The Swept steer event is designed to work with a full vehicle model that has been built through the MotionView Assembly Wizard. The event should attach to the model automatically when added through the Task Wizard. The event can be used with models built manually, as long as the attachment scheme in the event is strictly followed.

In this event, the vehicle is driven straight at an initial velocity of 40 mph, and after 0.5 seconds, the vehicle reaches the steady state. From this point, the steering wheel angle is increased to 5 degrees, and for every 1 second, the steering wheel value is increased by 10 degrees until the maximum value reaches 60 degrees.

Time	Description
0 Seconds	Vehicle runs static equilibrium and then switches to a dynamic run at the prescribed velocity.
0.001 Seconds	Initial steering wheel angle or torque is applied using a step function to transition from zero to the value entered in the event Form.
0.5 Seconds	The steering angle or torque is applied at the rate defined on the Form.
End of the Event	The event ends when the maximum steering angle or torque is applied, as defined in the event Form. The formula for this is in the event template and can be modified if required.

The initial Vehicle velocity, Steering Input start time, Steering rate and Maximum Steering angle can be modified via the event Form (shown below). You can also change the steering input and can be angle or torque.

task_wzd_dialog_swept_steer_event_mv

Swept Steer Data Dialog

The entities in the event are displayed in the MotionView Project Browser as shown in the image below:

swept_steer_browser_mv

Project Browser View - Swept Steer Analysis

The nominal Steering Wheel Angle vs. Time plot is shown below.

swept_steer_event_graph_mv

Steering Wheel Angle vs. Time

The event uses the standard event attachment. The attachments resolve automatically if the model is built through the Model Wizard. The attachments contain the minimum data the event needs to run the analysis. The attachments are standard for most events.

events_attachment_list_mv

Swept Steer Event - Attachments

One dataset is used in the system, which contains the data used to describe the Swept steer event, along with initial wheel angular velocity and initial Z height. The event allows you to set the initial Vehicle velocity, Steering Input type (angle or torque), Steering Input start time, Steering rate and Maximum Steering value. Enter these values on the event Form. The wheel rotational velocities and ground height are calculated values and should not be changed.

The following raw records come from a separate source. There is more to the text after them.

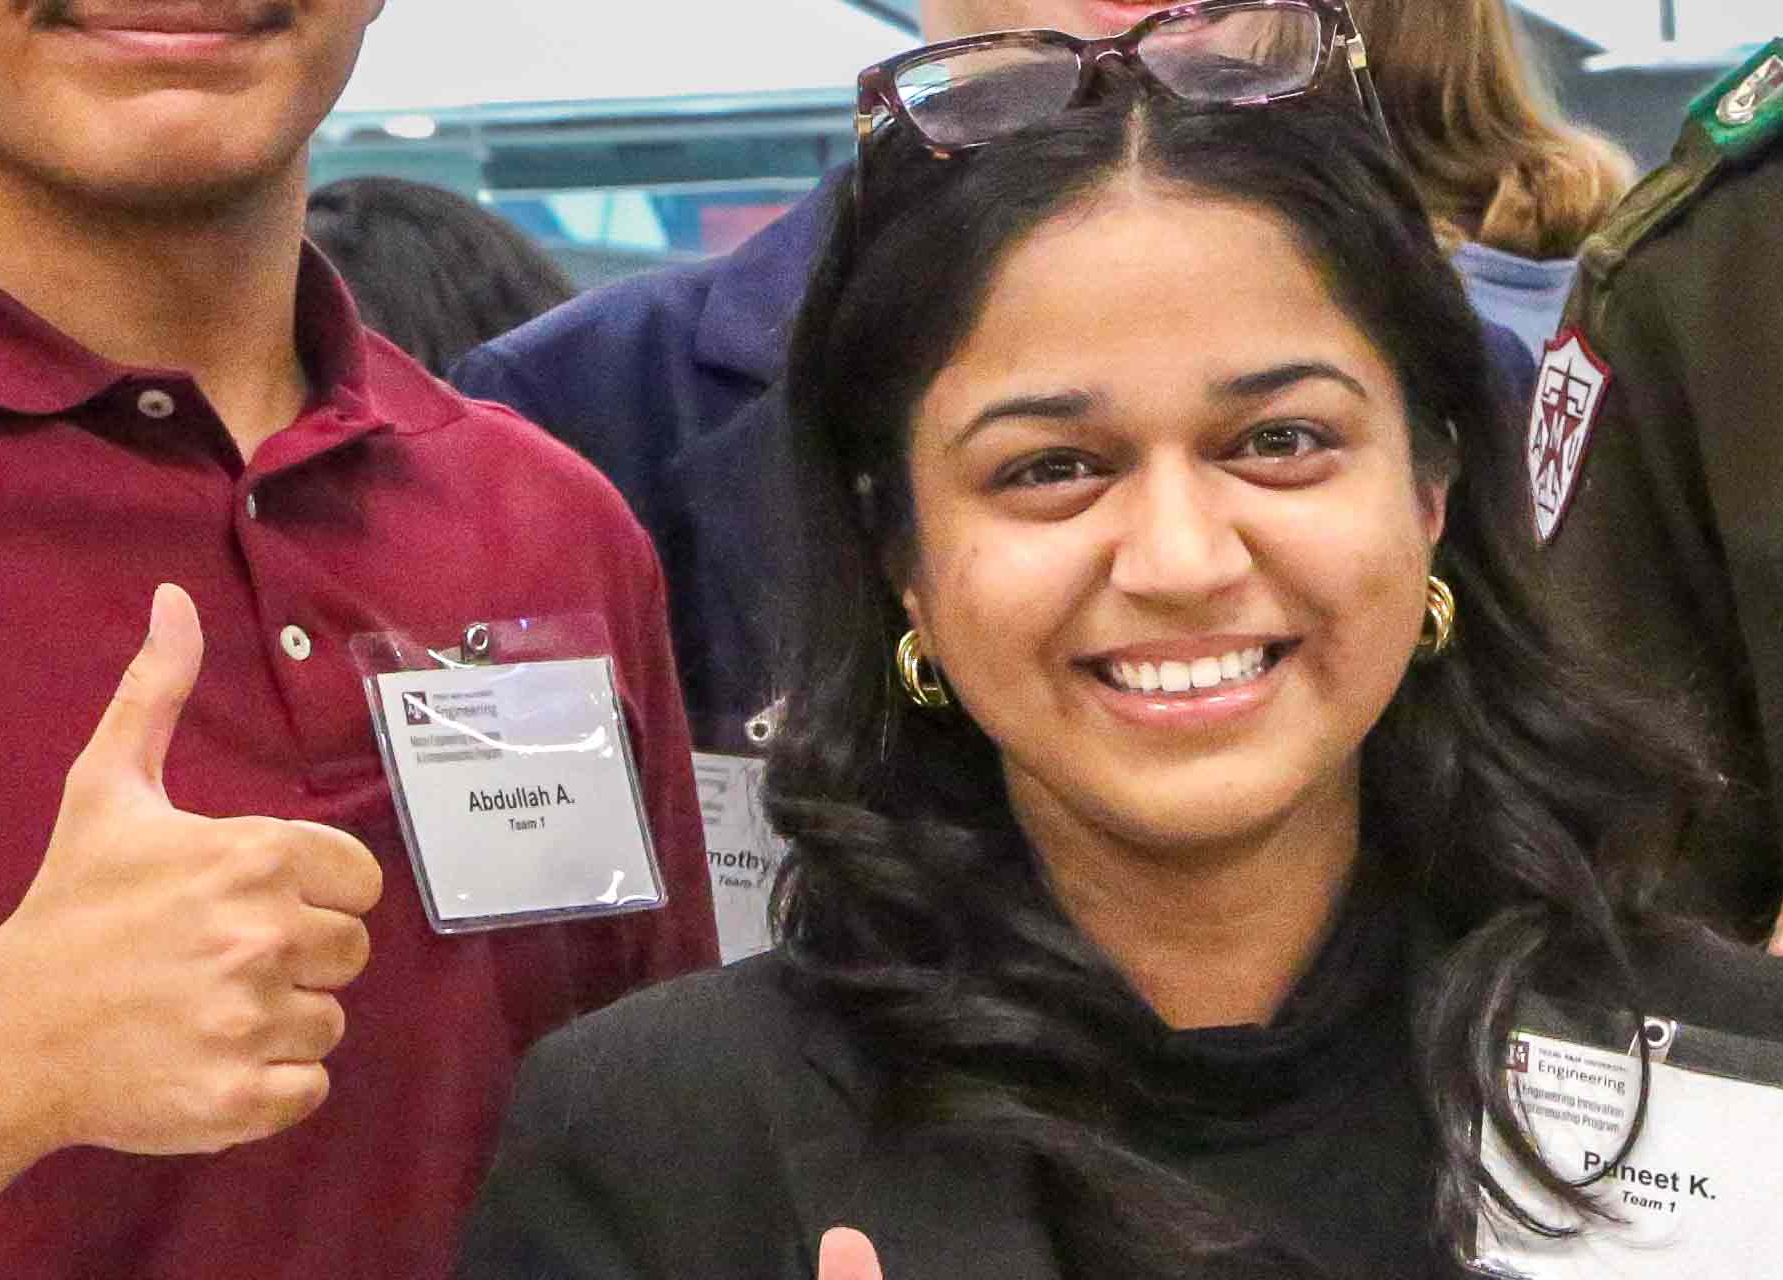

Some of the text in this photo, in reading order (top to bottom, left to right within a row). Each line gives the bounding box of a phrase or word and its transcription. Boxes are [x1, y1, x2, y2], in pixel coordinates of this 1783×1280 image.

[469, 783, 575, 812] Abdullah A.
[1538, 1059, 1625, 1095] Engineering
[1689, 1174, 1716, 1200] K.
[1622, 1190, 1676, 1213] Team 1
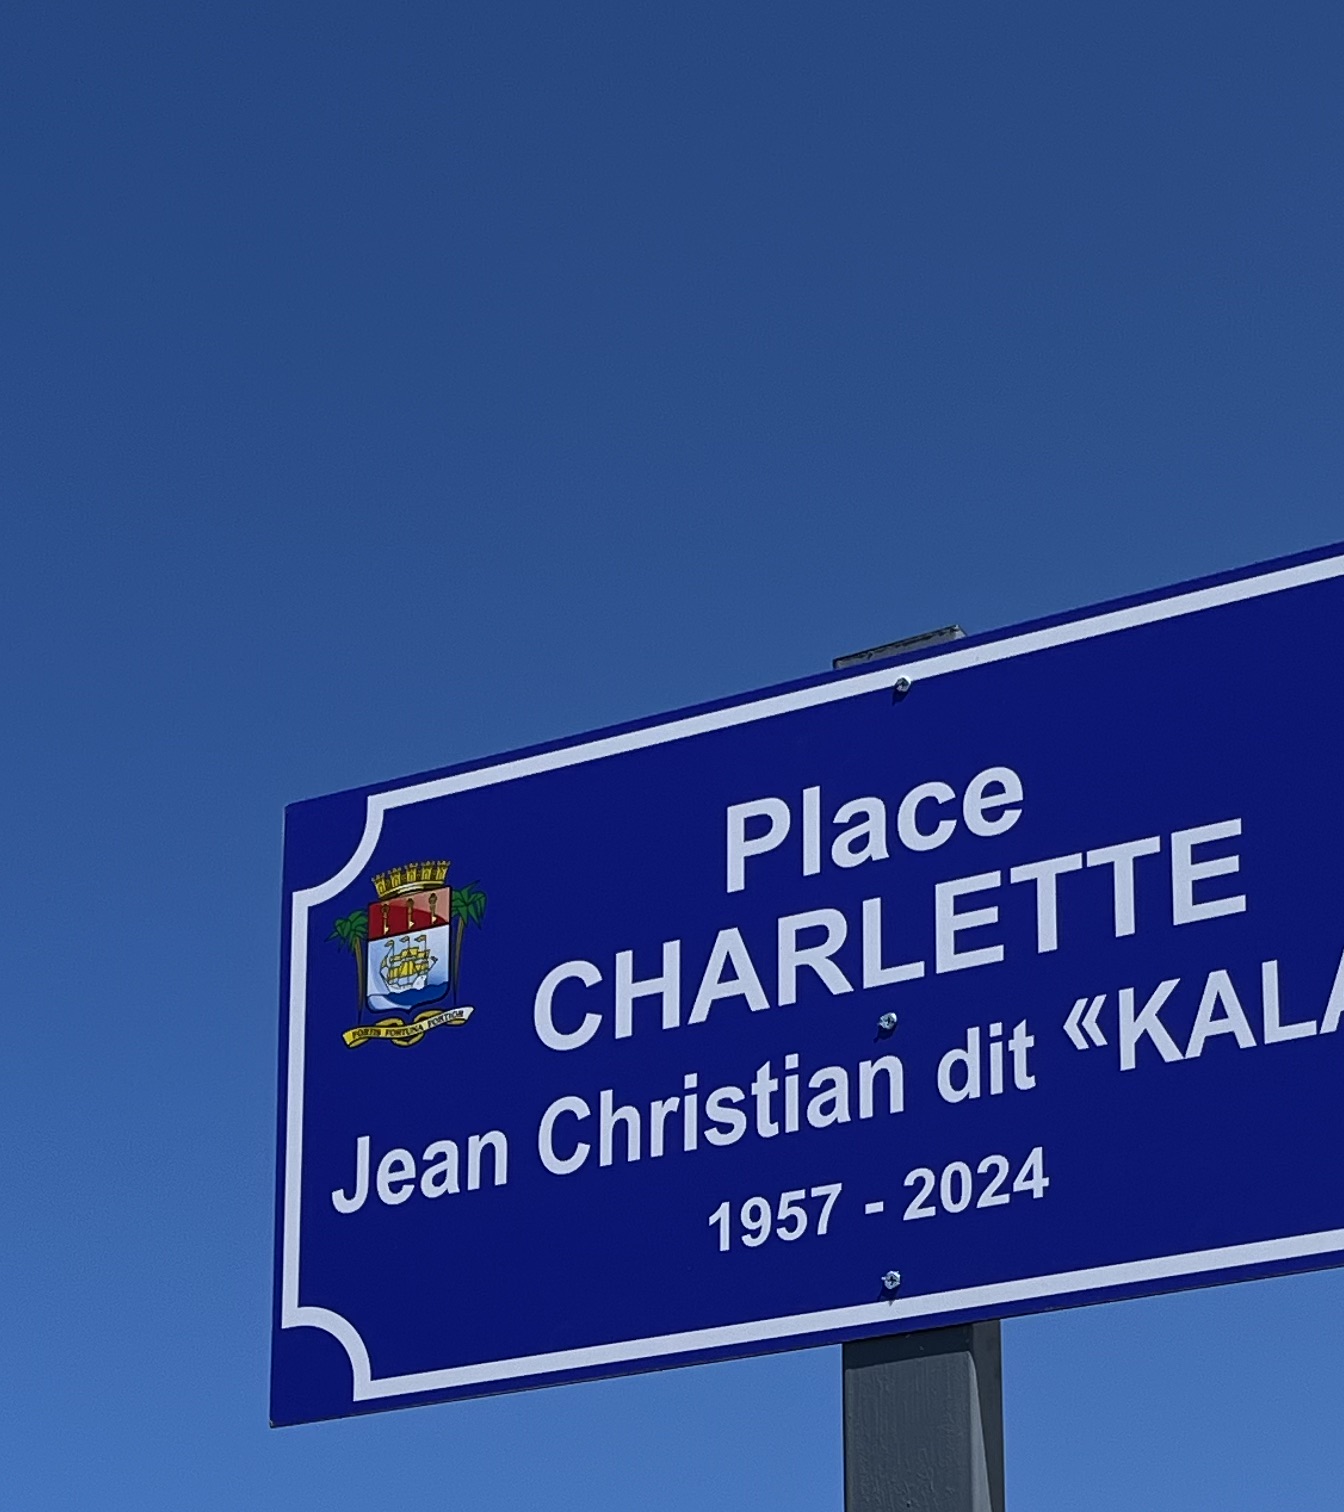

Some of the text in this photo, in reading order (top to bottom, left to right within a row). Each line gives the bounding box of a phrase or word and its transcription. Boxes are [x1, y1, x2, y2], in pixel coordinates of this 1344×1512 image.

[727, 767, 1023, 893] Place
[535, 818, 1246, 1050] CHARLETTE
[385, 1024, 424, 1037] FORTUNA
[332, 1131, 507, 1213] Jean
[539, 1054, 903, 1174] Christian
[938, 1020, 1036, 1102] dit
[709, 1147, 1049, 1251] 1957 - 2024

swept_steer_browser_data_sets_mv

Project Browser View - Datasets - Swept Steer Analysis

swept_steer_data_sets_panel_dialog_mv

Dataset Property Data Dialog - Swept Steer Analysis

The Swept steer consists of only one force, the steering torque. This force is used as input for the steering. If the Steering Input type selected is torque, then the Motion is deactivated and force is used to turn the steering wheel. The force is set to zero by default.

swept_steer_browser_forces_mv

Project Browser View - Forces - Swept Steer Analysis

The Form is the only place that you should change the Swept steer event. Initial Vehicle velocity, Steering input start time, Steering rate and Maximum Steering value are the parameters that can be changed. You can also change the Steering Input type and it can be either angle or torque.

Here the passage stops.